* **Task data**:
'''
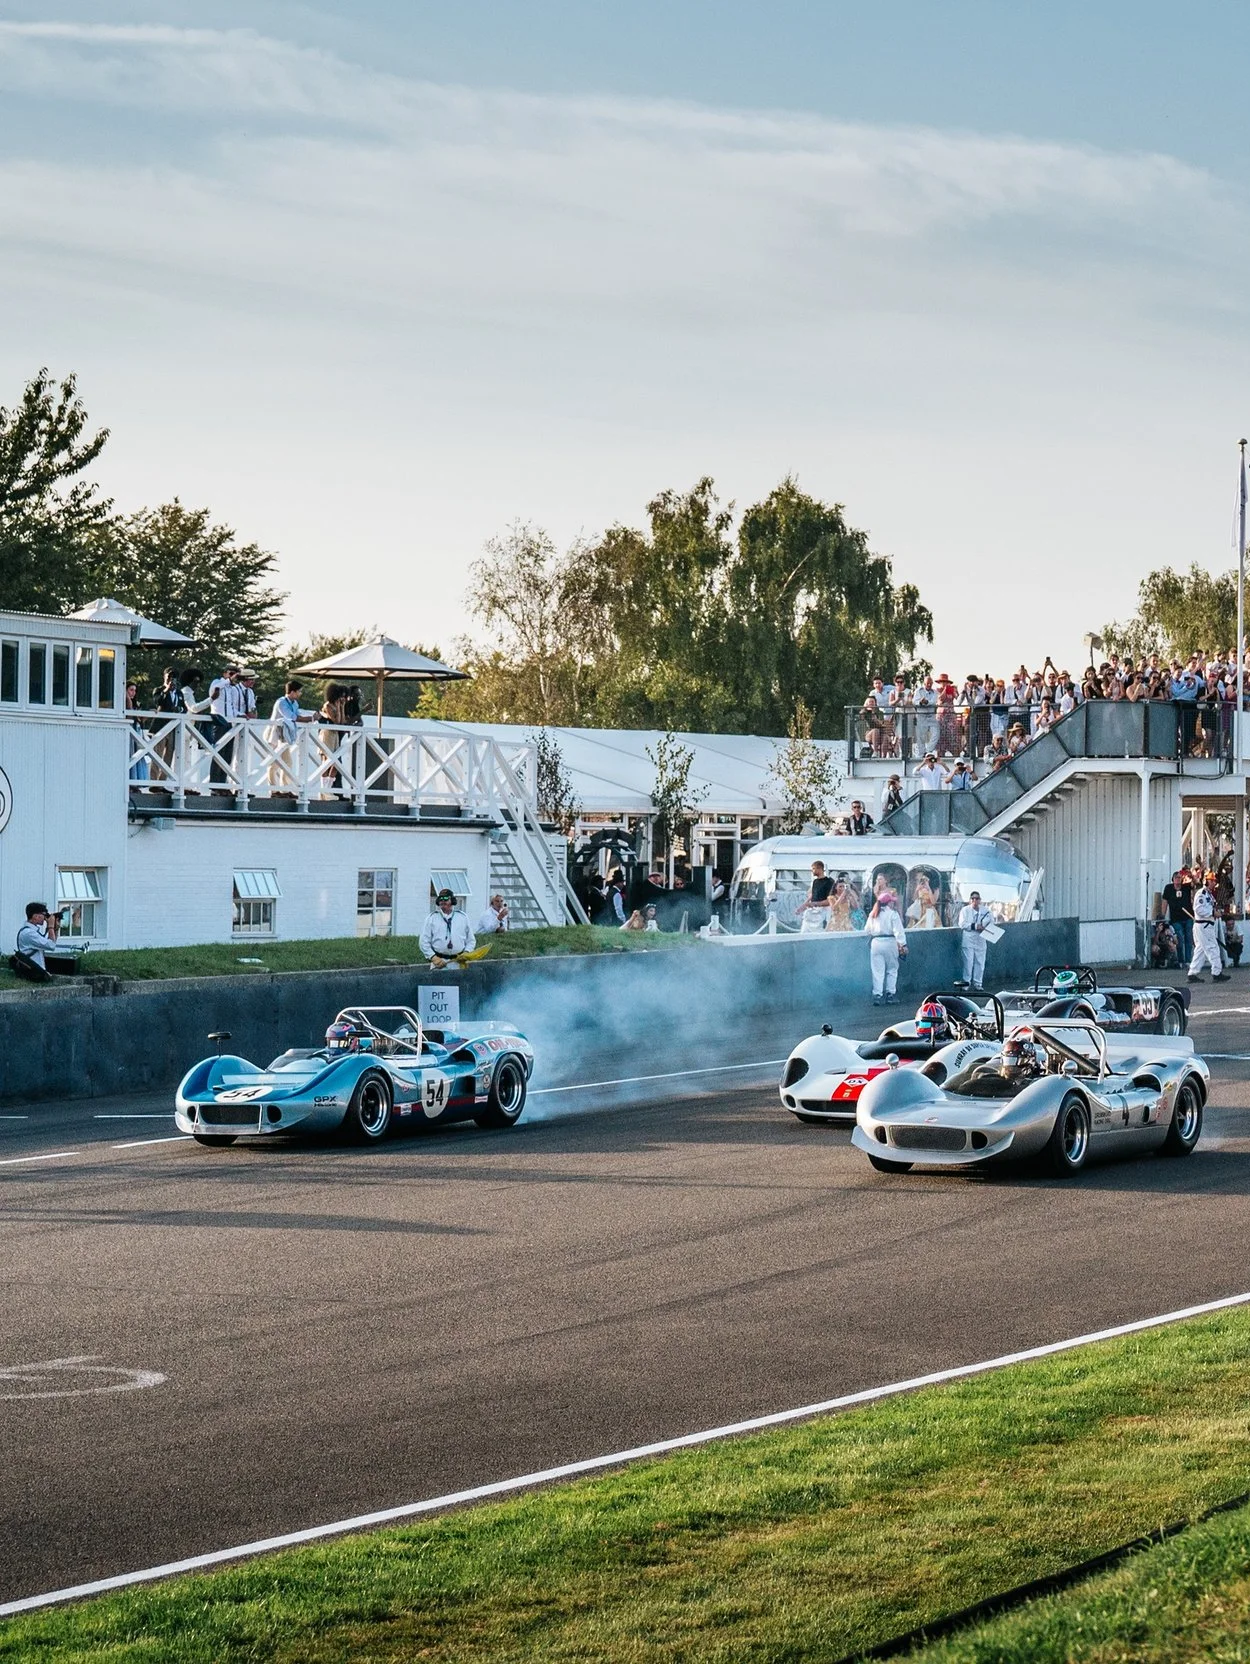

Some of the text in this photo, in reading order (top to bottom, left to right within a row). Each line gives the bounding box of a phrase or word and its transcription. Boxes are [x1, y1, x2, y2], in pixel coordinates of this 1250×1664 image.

[431, 991, 446, 1000] PIT
[429, 1003, 449, 1012] OUT
[427, 1015, 452, 1024] LOOP
[223, 1089, 263, 1099] 54
[426, 1078, 445, 1108] 54
'''
* **Work item**: The data is to be restated word for word, with any pictures set aside.

* **Exercise response**:
Some of the text in this photo, in reading order (top to bottom, left to right within a row). Each line gives the bounding box of a phrase or word and its transcription. Boxes are [x1, y1, x2, y2], in pixel coordinates of this 1250×1664 image.

[431, 991, 446, 1000] PIT
[429, 1003, 449, 1012] OUT
[427, 1015, 452, 1024] LOOP
[223, 1089, 263, 1099] 54
[426, 1078, 445, 1108] 54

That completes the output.